The poem begins with Arthur asking the porter's name. Glewlwyd Gafaelfawr duly identifies himself and returns the question, upon which Arthur names himself and says his party consists of Cai the Fair and "the best men in the world". Glewlwyd demands Arthur vouch for them, so Arthur names his men and praises their exploits: Mabon son of Modron, Uthr Pendragon's servant; Cyscaint son of Banon; Gwyn Goddyfrion; Manawydan son of Llŷr, who bore "pierced shields from Tryfrwyd"; Mabon son of Mellt; Anwas the Winged and Llwch the Windy-Handed, who have been defending Edinburgh; and finally Cai, who "would implore them, while he slew them, three at a time."

The subject now turns to Arthur himself, who is said to have fought against a witch in the hall of Afarnach, against a certain Pen Palach in the dwellings of Disethach, and against dog-heads at the mount of Edinburgh. Bedwyr Perfect-Sinew slew his enemies by the hundred, and he fought ferociously on the shores of Tryfrwyd. [It has been suggested that this passage about Arthur and Bedwyr is spoken not by Arthur but by Cai.]
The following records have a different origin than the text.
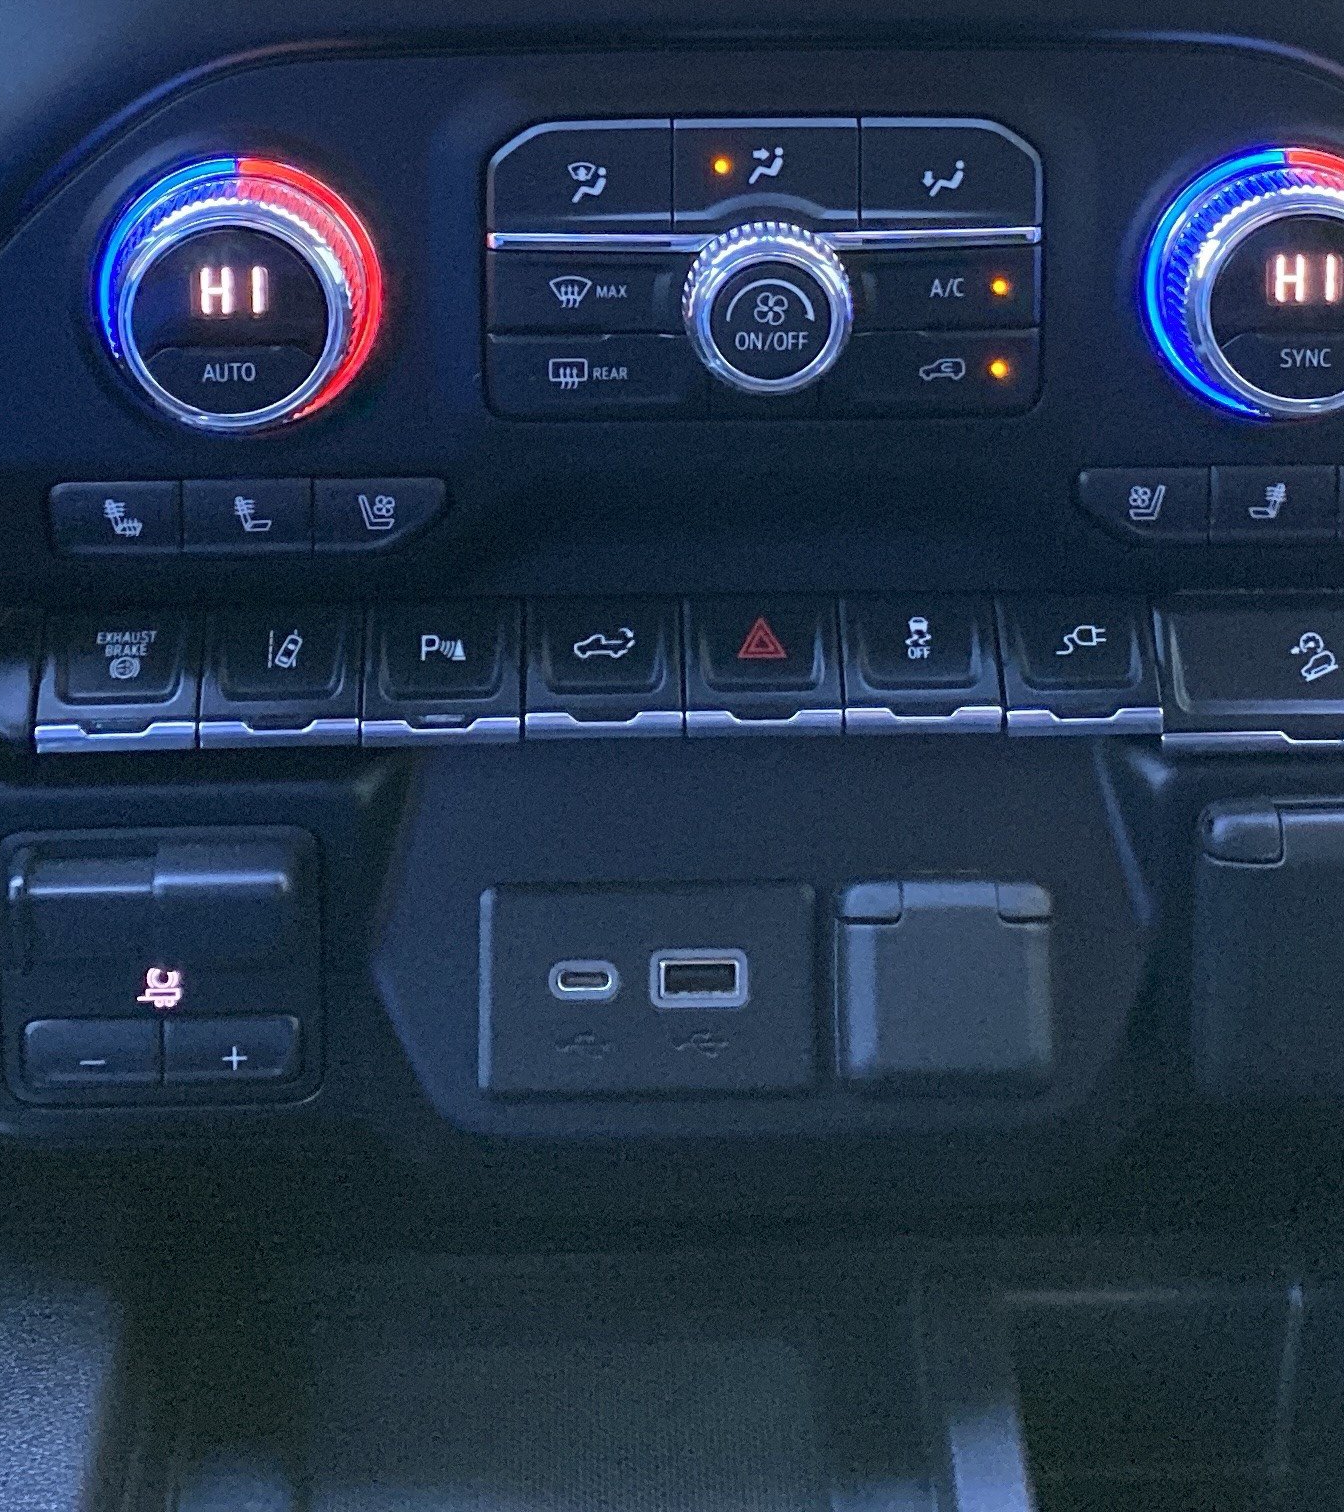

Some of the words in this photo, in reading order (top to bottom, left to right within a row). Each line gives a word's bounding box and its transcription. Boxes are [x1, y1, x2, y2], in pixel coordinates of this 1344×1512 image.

[930, 277, 964, 297] A/C
[1273, 253, 1338, 303] HI
[199, 265, 268, 315] HI
[595, 284, 628, 299] MAX
[734, 330, 809, 352] ON/OFF
[1280, 348, 1332, 368] SYNC
[202, 362, 256, 383] AUTO
[592, 366, 628, 380] REAR
[96, 630, 157, 645] EXHAUST
[105, 643, 147, 657] BRAKE
[907, 646, 931, 659] OFF
Arthur again praises at length Cai's prowess in battle, only to interrupt himself with the reflection that

I had servants,
it was better when they were alive.

"Before the lords of Emrys", Arthur says, "I saw Cai at haste." Not only is his vengeance heavy and his anger bitter, but

When he drank from a horn
he would drink like four.

So mighty a warrior is Cai that his death can only be contrived by God himself. Cai and Llachau, we are told, "fulfilled battles". Cai attacked nine witches at the peak of Ystafngwn, and lions in Anglesey. Then follows the beginning of a description of another of Cai's adversaries, the terrible cat of Palug, against whom "his shield was polished".

Nine-score soldiers
would fall as its food;
nine-score champions…

The rest of the poem is lost.

==Date and place of origin==

The dating of Old Welsh texts presents great problems, even the linguistic criteria for dating them not having yet been agreed on. Pa Ŵr is a case in point. In 1959 the great linguist Kenneth Hurlstone Jackson went no further than saying that it was probably older than the Norman period. In later years Rachel Bromwich, John Bollard and A. O. H. Jarman were agreed in assigning it to the 10th or 11th century, with Brynley Roberts tentatively narrowing that down to the 10th, though John T. Koch believed that the 9th century or even the 8th was possible. However, recent scholarly opinion has tended to favour a later date of around 1100.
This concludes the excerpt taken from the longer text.